NN layers and autograd.function


I was wondering if all the nn layers have a corresponding torch.autograd.Function associated with them (in python side)?



No they don’t. Even at the cpp level, some of them are implemented with a single elementary Function but many of them have multiple.

1 Like

Thanks @albanD.

BTW I have been trying to figure out how exactly pytorch constructs the backward graph?
Is it appends to a tree data structure while going through the forward pass?
or does each tensor holds meta data about how they were originated (I guessing this could be grad_func) and from which tensors and backtracks until reaching a source node?

Yes it’s a tree data structure :slight_smile:
You can check this graph using this package: https://github.com/szagoruyko/pytorchviz/

Is it though? :slight_smile:

Because when I checked the code (https://github.com/szagoruyko/pytorchviz/blob/46add7f2c071b6d29fc3d56e9d2d21e1c0a3af1d/torchviz/dot.py#L56), It felt like, there isn’t a data structure per se, but each tensor keeps a list of functions or something like that? :thinking: Isn’t that how this graph is built in the pytorchviz package?

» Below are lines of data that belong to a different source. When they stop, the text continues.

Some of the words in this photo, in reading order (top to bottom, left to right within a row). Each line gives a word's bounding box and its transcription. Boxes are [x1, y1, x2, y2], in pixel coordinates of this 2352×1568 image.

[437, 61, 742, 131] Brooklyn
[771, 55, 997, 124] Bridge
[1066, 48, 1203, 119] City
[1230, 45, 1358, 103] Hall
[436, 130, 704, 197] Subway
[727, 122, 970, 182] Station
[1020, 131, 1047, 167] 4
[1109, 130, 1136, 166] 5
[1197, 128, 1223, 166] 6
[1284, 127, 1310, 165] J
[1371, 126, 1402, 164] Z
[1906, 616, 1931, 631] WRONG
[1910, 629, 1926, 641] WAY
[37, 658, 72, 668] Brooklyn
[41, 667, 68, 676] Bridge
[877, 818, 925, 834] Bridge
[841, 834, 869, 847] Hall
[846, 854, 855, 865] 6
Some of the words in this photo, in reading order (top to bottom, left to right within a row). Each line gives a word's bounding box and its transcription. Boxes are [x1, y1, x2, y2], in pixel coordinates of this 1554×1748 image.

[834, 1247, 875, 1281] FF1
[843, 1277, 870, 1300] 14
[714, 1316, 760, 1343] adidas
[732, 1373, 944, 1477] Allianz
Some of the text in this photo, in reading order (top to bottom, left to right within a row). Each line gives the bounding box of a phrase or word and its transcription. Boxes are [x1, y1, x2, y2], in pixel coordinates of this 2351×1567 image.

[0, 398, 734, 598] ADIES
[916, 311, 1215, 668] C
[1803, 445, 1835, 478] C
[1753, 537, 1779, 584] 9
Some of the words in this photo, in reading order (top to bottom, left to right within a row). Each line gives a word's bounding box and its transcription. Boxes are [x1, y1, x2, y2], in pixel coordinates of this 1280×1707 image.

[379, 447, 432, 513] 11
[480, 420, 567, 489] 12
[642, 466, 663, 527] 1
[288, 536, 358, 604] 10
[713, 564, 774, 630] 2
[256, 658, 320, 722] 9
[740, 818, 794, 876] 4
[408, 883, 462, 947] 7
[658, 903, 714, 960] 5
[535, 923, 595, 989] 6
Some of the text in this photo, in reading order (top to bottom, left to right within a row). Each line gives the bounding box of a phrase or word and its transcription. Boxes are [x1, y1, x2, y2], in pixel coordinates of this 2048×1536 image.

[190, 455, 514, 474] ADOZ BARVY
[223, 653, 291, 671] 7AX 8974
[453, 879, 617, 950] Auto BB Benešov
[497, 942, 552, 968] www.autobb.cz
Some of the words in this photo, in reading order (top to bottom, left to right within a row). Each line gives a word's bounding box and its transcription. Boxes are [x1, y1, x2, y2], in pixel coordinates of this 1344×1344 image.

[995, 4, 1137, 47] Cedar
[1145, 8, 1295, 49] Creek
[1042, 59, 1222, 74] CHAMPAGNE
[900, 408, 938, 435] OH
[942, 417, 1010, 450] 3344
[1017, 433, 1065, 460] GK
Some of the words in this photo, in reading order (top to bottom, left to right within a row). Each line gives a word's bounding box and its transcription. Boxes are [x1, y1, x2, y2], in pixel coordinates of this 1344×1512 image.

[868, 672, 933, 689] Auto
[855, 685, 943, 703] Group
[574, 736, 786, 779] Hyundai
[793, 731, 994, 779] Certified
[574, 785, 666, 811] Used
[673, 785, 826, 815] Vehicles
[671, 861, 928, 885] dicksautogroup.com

It is an implicit tree :smiley: We don’t have a centralized structure for it.

Exactly! thanks! :slight_smile:

@albanD I have another follow up question.

I was wondering if the forward activations are exposed in the nn.Module level?
I have seen activations need to be explicitly saved to the ctx if we are using the autograd.Function. But I am wondering how PT would keep the activations when someone’s using the nn.Module API?

The autograd engine works below the nn.Module level.
So if you use regular python function or nn.Module, the autograd does not see any difference and will save the required values properly.